Comparing ZFS and HFS to FAT32 and NTFS is valid, but not quite the same. HFS+J, or Hierarchical File System Plus Journalled is the default file-system under OS X. It is something like 10-15 years old, maybe older if you take into account its earliest HFS roots. It is a pretty good FS (File System), but ZFS or Zettabyte File System, is much, much better. For one thing, it has a much higher storage limit than either NTFS or HFS+J, or really any other File System in the wild. The theoretical limit is so high that I honestly think that I will not see any drives that truly stress it within the next say.... 50 years.

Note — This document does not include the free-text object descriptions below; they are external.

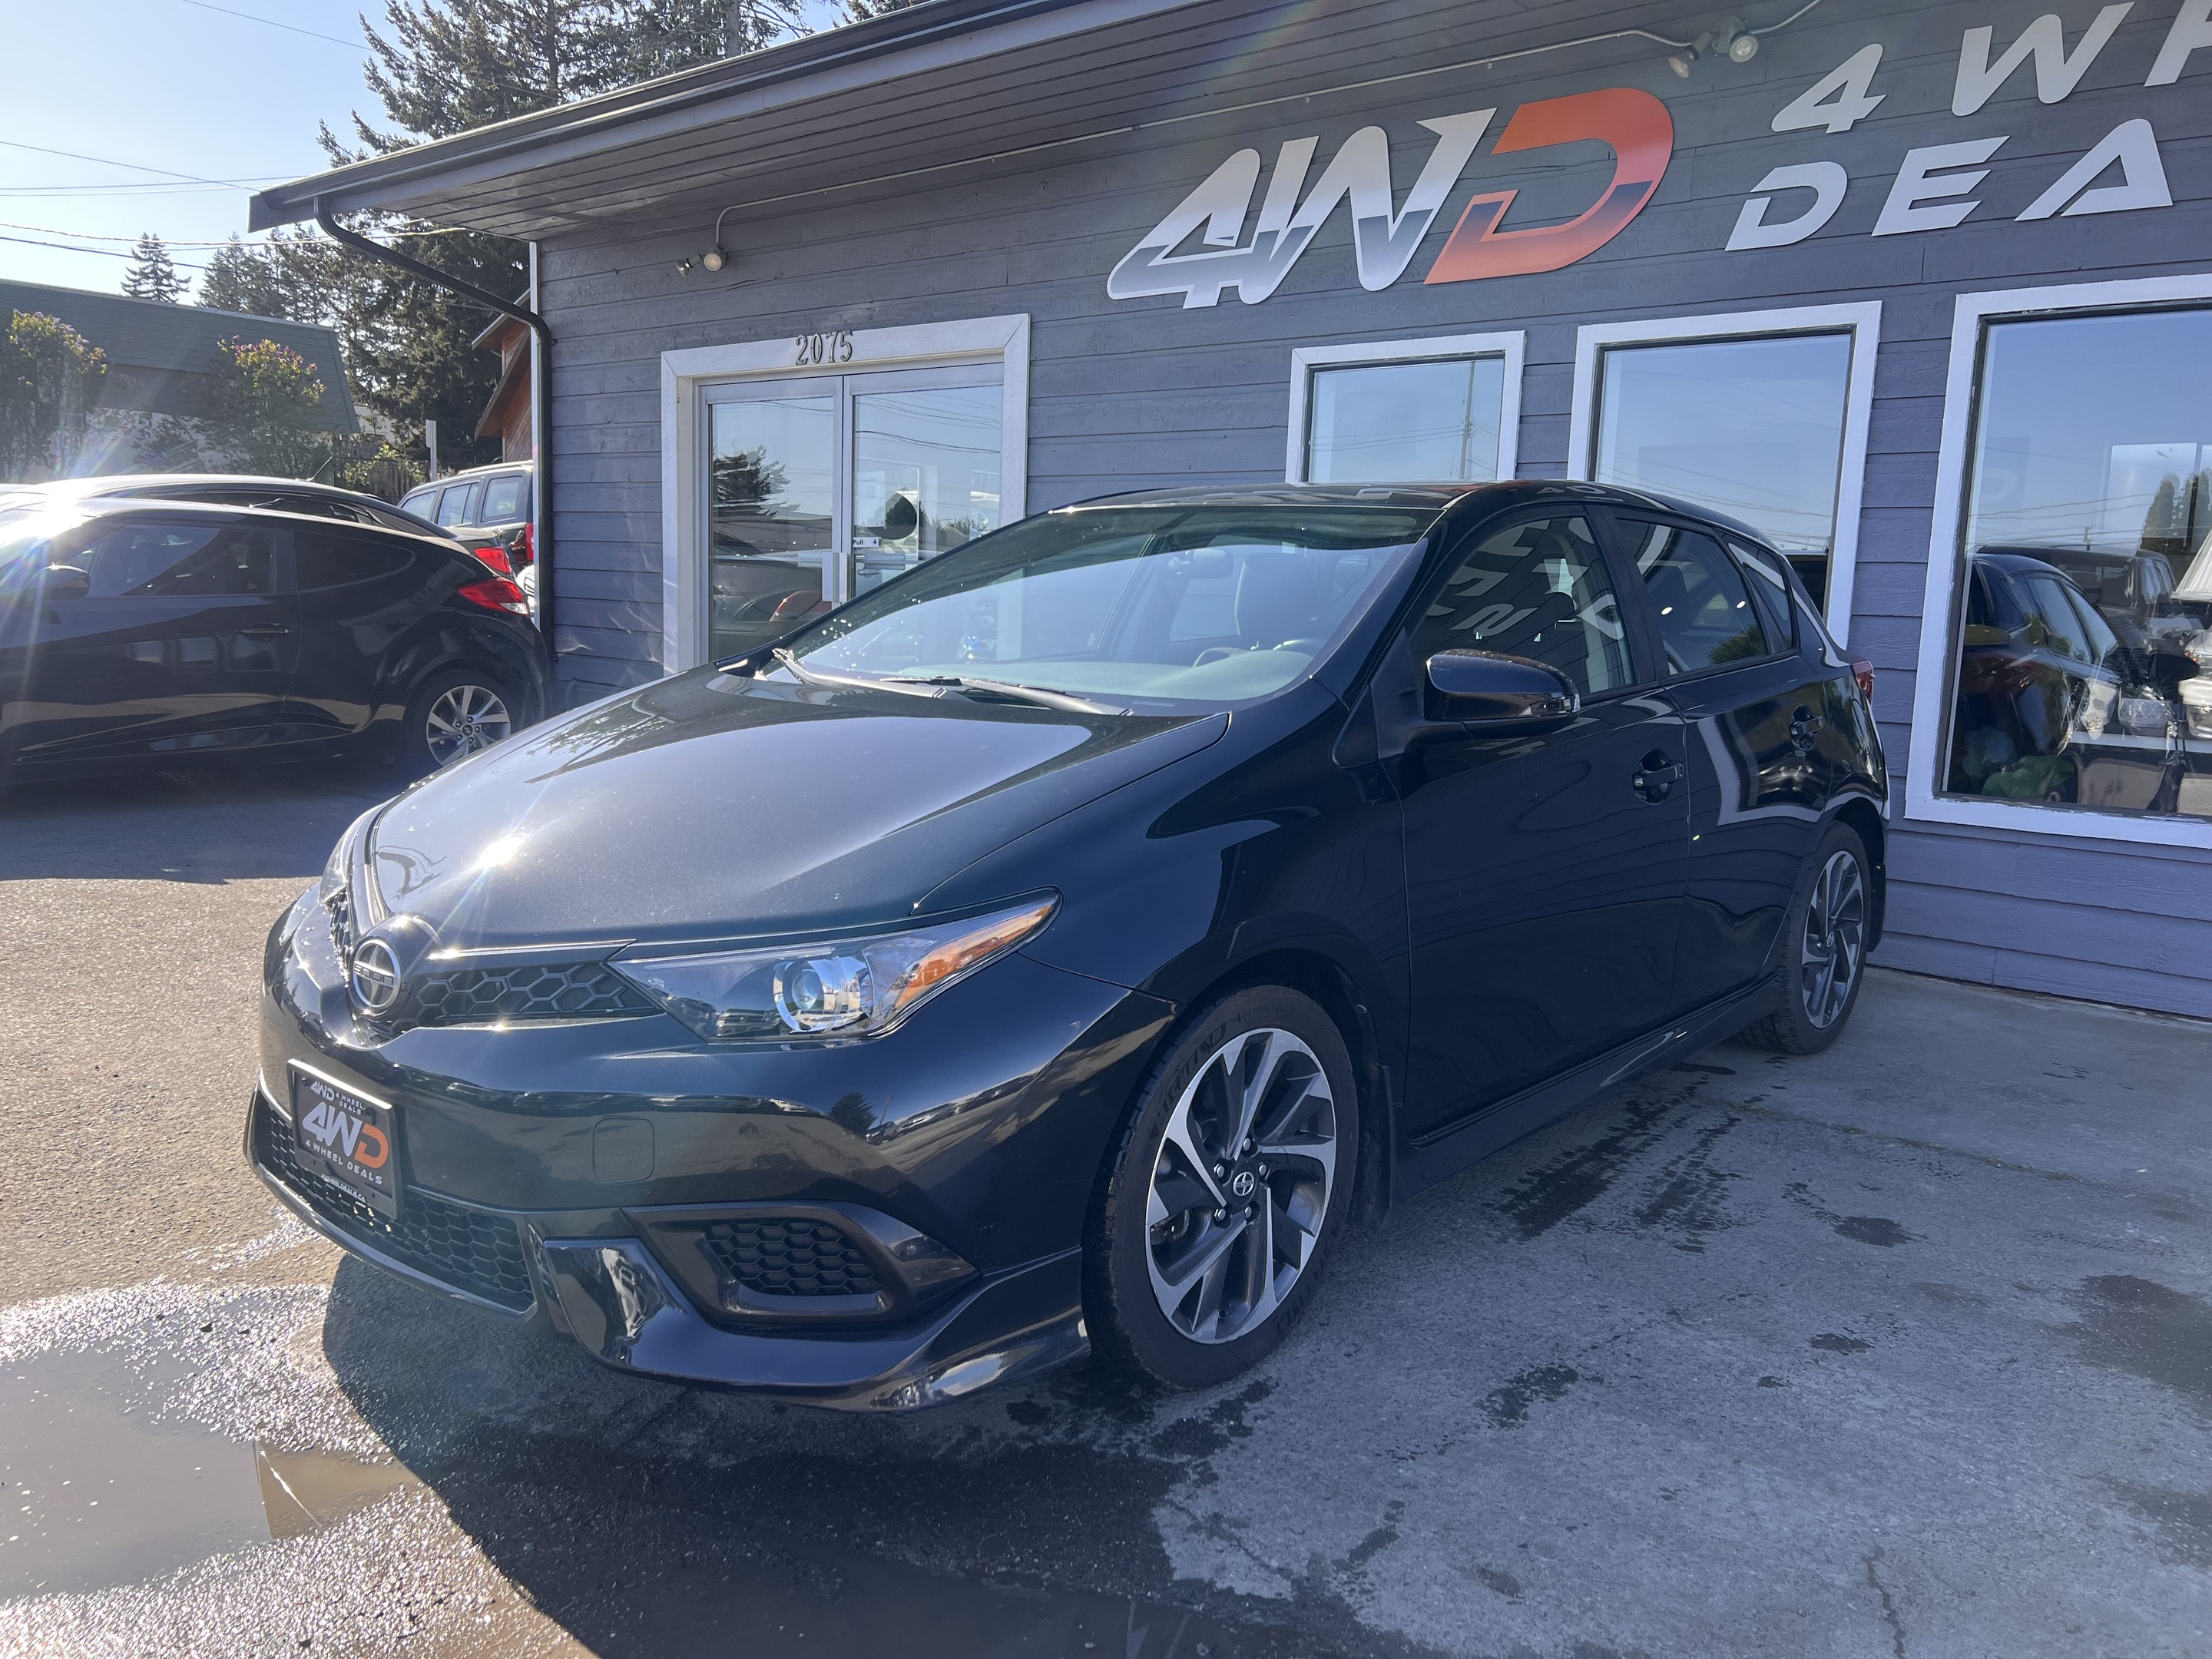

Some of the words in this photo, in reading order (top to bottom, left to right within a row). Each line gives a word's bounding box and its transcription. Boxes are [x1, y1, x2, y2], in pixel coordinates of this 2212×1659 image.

[1771, 43, 1887, 134] 4
[1107, 87, 1674, 309] 4WD
[1724, 118, 2174, 251] DEA
[795, 330, 853, 366] 2075
[302, 1101, 389, 1168] 4WD
[339, 1100, 362, 1115] DEALS
[305, 1139, 311, 1147] 4
[313, 1142, 343, 1166] WHEEL
[347, 1161, 382, 1185] DEALS

Let me put it this way. I could give you a million dollars, and you could spend all that money on Terabyte hard drives. That is thousands of hard drives. Then suspending the fact that you can't hook all those up to a single system due to physical limitation, if you could, ZFS could handle it. Then when you booted into a ZFS based system, you would see 1 disk of that ridiculously large size, and the File Sytem can handle it. If you were to then remove a disk, or add it, you could go in the disk manager on the OS and tell ZFS to start or stop using a drive, and it would handle it. Moving your files off that drive (assuming there was sufficient free space) and pooling it onto others.
I unfortunately am not as familiar with the other FSs because before I never gave much of a hoot beyond which one was best for a certain application.